MLE Days 2023 - Summer School and Conference for Machine Learning in Engineering

Hamburg University of Technology (TUHH)

On September, 25th to 27th, 2023 the third MLE Days on machine learning in engineering will take place on the campus of the Hamburg University of Technology (TUHH). This year, it combines a summer school with a one-day startup-challenge. Participation is free of charge.

The Summer School teaches insights into the world of machine learning with a focus on engineering. It provides sessions about fundamentals of machine learning, concrete application examples, as well as hands-on sessions to try out and consolidate lessons learned. Keynote talks complete the program. Three parallel tracks are provided to allow participants to choose contributions adapted to their interest and machine learning experience. The use cases range from sensor and image processing, to electrical engineering and materials science, to aviation and maritime logistics. A poster session and an elevator pitch event allow participants to present their own work on machine learning topics. The best posters and pitches will be selected by a jury and awarded prizes. A networking event allows attendees to establish contacts with selected corporate partners and sponsors from start-ups and medium-sized businesses to large corporations. In the startup-challenge attendees learn how to turn machine learning ideas into a business.
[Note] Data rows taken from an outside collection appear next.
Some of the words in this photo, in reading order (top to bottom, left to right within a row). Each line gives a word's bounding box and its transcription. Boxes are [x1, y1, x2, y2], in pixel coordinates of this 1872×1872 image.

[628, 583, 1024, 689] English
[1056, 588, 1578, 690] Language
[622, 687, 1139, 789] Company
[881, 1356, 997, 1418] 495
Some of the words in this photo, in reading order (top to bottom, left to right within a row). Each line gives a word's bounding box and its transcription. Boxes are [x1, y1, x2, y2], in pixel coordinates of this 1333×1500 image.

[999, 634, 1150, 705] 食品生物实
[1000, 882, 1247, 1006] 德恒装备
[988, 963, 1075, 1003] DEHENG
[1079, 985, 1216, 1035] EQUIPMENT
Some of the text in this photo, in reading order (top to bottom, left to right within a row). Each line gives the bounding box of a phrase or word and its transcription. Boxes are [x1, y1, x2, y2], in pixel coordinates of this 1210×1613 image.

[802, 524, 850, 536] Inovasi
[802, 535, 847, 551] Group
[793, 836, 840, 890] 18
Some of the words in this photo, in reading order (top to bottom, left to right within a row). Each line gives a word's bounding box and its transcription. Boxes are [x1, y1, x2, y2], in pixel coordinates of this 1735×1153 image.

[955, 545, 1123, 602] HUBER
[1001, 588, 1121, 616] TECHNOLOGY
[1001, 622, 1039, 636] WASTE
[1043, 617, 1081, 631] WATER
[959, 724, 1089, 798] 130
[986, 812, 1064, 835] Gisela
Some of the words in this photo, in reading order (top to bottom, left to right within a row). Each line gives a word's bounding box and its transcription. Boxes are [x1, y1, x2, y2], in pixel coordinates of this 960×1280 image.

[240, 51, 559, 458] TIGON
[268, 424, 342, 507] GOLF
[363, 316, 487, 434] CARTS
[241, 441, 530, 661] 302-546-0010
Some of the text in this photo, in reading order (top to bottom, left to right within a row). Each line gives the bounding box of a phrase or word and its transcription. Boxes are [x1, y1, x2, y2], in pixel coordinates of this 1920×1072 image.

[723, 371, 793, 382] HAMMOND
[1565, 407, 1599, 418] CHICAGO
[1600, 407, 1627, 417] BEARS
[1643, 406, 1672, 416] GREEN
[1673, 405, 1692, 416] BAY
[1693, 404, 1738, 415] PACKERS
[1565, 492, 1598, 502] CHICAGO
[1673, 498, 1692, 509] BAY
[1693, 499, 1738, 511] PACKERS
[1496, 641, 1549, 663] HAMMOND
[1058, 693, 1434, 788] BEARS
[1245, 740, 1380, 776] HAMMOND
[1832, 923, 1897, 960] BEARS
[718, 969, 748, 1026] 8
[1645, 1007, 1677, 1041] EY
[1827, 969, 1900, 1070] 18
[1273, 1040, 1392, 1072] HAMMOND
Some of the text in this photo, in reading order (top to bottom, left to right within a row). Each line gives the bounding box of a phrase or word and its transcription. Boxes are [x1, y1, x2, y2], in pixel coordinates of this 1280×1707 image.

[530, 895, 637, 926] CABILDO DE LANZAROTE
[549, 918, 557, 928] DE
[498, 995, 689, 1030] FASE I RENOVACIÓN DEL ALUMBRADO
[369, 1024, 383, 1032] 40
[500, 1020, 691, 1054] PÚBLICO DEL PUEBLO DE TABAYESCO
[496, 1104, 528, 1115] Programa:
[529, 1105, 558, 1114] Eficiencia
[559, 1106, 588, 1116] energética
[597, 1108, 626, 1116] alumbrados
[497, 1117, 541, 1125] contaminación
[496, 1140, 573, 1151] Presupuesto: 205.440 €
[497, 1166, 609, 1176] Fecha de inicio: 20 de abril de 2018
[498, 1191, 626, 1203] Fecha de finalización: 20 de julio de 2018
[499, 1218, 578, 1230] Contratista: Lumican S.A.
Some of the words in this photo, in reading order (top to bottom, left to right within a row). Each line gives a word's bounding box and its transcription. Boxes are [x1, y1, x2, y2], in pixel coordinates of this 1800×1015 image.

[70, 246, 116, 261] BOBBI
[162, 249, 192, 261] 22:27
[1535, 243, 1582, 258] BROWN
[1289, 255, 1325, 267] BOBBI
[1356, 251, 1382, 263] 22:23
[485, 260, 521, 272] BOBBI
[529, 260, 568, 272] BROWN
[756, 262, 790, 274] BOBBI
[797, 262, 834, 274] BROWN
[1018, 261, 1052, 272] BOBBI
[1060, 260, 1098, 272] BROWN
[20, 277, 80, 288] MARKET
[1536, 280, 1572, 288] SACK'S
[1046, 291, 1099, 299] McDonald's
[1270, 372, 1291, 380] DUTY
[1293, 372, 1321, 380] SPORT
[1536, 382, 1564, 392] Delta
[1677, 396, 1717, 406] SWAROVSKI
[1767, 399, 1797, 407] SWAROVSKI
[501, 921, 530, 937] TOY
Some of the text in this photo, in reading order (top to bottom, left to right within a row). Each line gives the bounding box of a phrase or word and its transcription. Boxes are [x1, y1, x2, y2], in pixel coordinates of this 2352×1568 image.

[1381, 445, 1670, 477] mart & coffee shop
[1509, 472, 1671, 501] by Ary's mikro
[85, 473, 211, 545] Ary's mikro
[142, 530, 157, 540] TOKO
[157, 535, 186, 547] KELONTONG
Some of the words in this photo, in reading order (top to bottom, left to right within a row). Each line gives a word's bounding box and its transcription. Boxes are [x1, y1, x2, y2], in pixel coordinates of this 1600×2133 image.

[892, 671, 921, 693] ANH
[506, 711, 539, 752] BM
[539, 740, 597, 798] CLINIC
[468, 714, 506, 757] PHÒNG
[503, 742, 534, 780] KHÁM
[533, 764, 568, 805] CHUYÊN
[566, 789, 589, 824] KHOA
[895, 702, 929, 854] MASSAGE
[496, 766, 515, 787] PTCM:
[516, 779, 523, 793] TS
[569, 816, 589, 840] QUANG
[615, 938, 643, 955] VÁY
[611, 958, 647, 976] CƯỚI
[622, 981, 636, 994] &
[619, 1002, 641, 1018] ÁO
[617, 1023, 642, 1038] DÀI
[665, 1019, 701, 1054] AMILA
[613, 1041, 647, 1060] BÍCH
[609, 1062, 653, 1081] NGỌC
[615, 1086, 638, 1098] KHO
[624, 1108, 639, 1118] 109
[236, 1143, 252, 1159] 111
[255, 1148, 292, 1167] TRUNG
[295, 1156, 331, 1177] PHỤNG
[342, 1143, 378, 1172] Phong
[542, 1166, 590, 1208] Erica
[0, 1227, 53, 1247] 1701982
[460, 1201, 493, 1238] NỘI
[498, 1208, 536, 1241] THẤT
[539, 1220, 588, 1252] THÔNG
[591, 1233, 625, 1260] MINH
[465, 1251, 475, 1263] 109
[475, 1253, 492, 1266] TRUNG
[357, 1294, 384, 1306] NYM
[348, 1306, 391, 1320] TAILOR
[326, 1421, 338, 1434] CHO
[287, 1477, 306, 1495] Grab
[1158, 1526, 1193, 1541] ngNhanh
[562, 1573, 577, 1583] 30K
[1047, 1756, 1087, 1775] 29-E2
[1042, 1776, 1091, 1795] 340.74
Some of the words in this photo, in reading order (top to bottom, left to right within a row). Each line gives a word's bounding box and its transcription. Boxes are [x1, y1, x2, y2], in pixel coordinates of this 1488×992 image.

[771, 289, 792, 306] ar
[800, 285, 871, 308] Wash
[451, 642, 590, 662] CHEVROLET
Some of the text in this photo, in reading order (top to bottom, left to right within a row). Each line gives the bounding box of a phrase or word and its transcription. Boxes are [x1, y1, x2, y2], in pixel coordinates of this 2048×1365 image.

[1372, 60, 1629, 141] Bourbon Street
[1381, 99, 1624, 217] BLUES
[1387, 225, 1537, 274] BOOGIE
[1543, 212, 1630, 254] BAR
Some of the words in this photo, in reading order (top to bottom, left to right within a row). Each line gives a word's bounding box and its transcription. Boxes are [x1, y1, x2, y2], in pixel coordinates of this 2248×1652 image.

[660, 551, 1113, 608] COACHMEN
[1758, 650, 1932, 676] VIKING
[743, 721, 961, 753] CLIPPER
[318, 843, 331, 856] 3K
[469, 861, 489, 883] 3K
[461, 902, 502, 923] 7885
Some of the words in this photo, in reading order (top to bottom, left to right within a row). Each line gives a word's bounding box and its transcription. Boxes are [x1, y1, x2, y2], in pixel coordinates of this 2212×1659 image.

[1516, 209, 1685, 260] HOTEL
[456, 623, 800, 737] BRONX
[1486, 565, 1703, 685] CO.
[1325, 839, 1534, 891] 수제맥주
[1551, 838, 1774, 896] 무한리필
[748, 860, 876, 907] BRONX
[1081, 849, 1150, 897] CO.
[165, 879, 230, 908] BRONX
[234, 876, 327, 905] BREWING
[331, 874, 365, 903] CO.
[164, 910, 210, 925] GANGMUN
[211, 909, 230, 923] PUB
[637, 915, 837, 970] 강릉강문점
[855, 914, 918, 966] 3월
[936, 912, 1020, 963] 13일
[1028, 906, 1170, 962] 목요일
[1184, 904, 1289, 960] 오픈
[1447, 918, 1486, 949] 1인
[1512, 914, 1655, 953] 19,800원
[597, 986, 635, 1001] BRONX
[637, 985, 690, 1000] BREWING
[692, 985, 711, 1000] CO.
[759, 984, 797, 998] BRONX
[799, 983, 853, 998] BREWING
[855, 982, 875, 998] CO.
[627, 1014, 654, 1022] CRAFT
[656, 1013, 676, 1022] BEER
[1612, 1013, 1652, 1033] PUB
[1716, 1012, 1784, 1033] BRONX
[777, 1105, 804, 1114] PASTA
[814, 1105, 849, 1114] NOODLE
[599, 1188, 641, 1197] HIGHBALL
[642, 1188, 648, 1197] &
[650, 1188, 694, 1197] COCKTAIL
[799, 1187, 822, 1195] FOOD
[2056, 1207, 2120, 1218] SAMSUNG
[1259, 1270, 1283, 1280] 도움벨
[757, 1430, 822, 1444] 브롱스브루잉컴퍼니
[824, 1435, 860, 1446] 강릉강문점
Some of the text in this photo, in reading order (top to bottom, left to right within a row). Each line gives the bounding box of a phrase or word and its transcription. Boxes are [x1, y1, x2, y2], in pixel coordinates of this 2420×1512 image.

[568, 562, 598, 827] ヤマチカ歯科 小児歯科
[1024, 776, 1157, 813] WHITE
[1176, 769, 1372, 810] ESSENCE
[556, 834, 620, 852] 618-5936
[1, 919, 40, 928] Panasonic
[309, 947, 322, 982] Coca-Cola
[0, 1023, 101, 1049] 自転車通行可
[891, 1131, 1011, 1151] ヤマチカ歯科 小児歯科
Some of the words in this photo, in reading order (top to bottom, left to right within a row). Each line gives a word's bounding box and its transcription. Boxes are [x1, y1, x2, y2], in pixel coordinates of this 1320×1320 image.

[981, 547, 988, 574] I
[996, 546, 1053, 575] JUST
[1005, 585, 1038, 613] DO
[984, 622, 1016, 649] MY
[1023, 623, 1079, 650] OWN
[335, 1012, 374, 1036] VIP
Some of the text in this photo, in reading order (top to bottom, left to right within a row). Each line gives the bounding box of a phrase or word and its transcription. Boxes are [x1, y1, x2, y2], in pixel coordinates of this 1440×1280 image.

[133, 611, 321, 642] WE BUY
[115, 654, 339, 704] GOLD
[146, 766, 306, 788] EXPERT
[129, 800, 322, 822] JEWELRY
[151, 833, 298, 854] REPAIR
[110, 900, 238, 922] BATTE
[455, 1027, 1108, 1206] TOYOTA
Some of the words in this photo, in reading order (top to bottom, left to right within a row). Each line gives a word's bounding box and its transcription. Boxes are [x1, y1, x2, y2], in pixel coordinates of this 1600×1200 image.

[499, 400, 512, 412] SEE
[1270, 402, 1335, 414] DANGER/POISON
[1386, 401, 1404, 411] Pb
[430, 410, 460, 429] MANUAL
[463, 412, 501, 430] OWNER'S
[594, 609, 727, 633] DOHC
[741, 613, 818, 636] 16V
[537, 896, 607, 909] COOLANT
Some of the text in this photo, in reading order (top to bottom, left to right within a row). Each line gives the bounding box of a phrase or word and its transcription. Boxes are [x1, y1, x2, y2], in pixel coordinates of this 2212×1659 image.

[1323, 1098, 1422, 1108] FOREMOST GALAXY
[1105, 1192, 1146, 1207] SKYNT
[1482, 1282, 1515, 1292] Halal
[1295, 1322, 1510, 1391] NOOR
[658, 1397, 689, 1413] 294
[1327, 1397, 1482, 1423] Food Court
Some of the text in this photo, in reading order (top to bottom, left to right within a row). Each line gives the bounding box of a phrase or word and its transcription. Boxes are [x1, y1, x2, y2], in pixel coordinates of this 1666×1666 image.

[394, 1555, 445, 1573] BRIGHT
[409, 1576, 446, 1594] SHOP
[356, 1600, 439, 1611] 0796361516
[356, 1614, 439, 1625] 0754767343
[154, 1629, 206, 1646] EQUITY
The MLE Days are organized by the Machine Learning in Engineering research initiative of the TUHH (MLE@TUHH) in collaboration with the Helmholtz Center Hereon, DASHH, and the Career Center of TUHH, the AI.Startup.Hub, and AI.HAMBURG. The MLE initiative joins the competencies in the field of machine learning at the Hamburg University of Technology with the goal of transferring knowledge towards business and industry. Students, PhD students, postdocs, and professors from all disciplines of the TUHH are engaged together with colleagues from the Helmholtz Center Hereon to make methods and applications of machine learning known, to network, and to foster scientific exchange.

Join us to discover the new applications of machine learning in engineering practice!

Institutions

  • Hamburg University of Technology (TUHH)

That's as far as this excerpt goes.